Sacrificing: Form or Weight?


#1

Hi Ladies- I'm sort of new to the forum but not to strength training. I had a dilemma tonight while working on a new program.

It called for 3 sets of 5 reps (max set) and this is one day a week which is heavy day. So of course you pile the weight on knowing that you only have to bust out 5. But now my form starts to sacrifice. For example: not squating all of the way down, not chest pressing with a full range of motion etc..

So what do you do? Lighten the weight and feel guilty that you could have easily done 10 more or struggle with the added weight?

BTW, my fitness goal right now is gaining muscle size.


#2

Hmm, I’d say to back down on the weight a bit to where it’s still heavy enough that you almost fail…but not so heavy that your form goes to crap on every set/rep…that’s when injuries happen!

I can see muscling the last rep, maybe…


#3

You struggle, but not to the point form goes bad.
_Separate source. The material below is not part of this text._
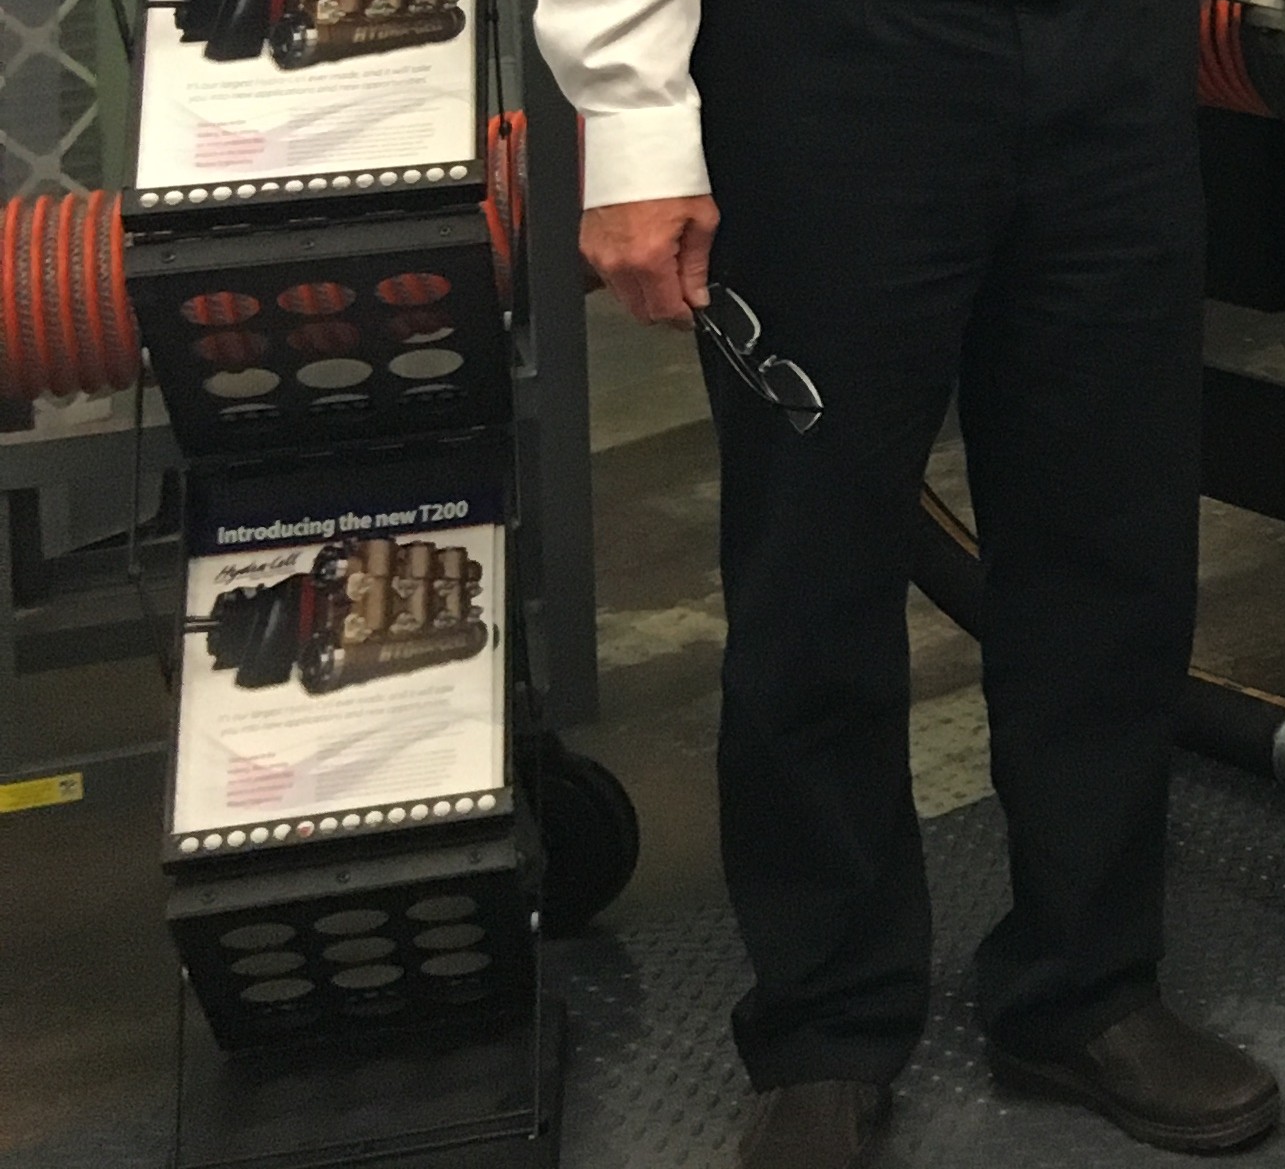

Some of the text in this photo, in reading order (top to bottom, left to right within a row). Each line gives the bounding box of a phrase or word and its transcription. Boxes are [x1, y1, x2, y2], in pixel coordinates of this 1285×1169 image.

[217, 500, 469, 545] Introducing the new T200
Do you have a spotter or a rack. Its okay to fail, that is how progress starts.


#4

With working sets, keep them low enough you keep form, but it is work to keep it. You might lose form with a 1RM, but you shouldn’t with work sets.


#5

Appreciate everyone’s help.

Come to think of it … it’s not really that my form is bad but more that it’s too heavy to complete a full range of motion. Here are a few examples: squat- good form but couldn’t go down to where quads were parallel to the floor, bench press- couldn’t bring the bar all the way to chest on the eccentric motion. I’m limiting my range of motion I think.

I think what I need to do is do a couple light practice reps to mimmick what I’m about to do with heavier weight.


#6

Limiting range of motion= limiting what you can REALLY do!

I mean, I could go in and load the bar with 200lbs for the squat, but personally it won’t mean anything if I don’t complete the whole range of motion…

Don’t limit yourself!! :slight_smile:


#7

I’d say that you need to work on mobility of whatever is holding you back on your form…most likely stretching (Deep tissue, Creasey’s -Magnificent Mobility) I think you will find that not only will your strength increase (Poliquin claims up to 10%, but I’ve never been able to endure the torture that long.) the speed of the rep will increase. Then you can redefine failure to a significant decrease in speed rather than sacrificing form. This way you will stay safe, and continue to make gains. Good Luck!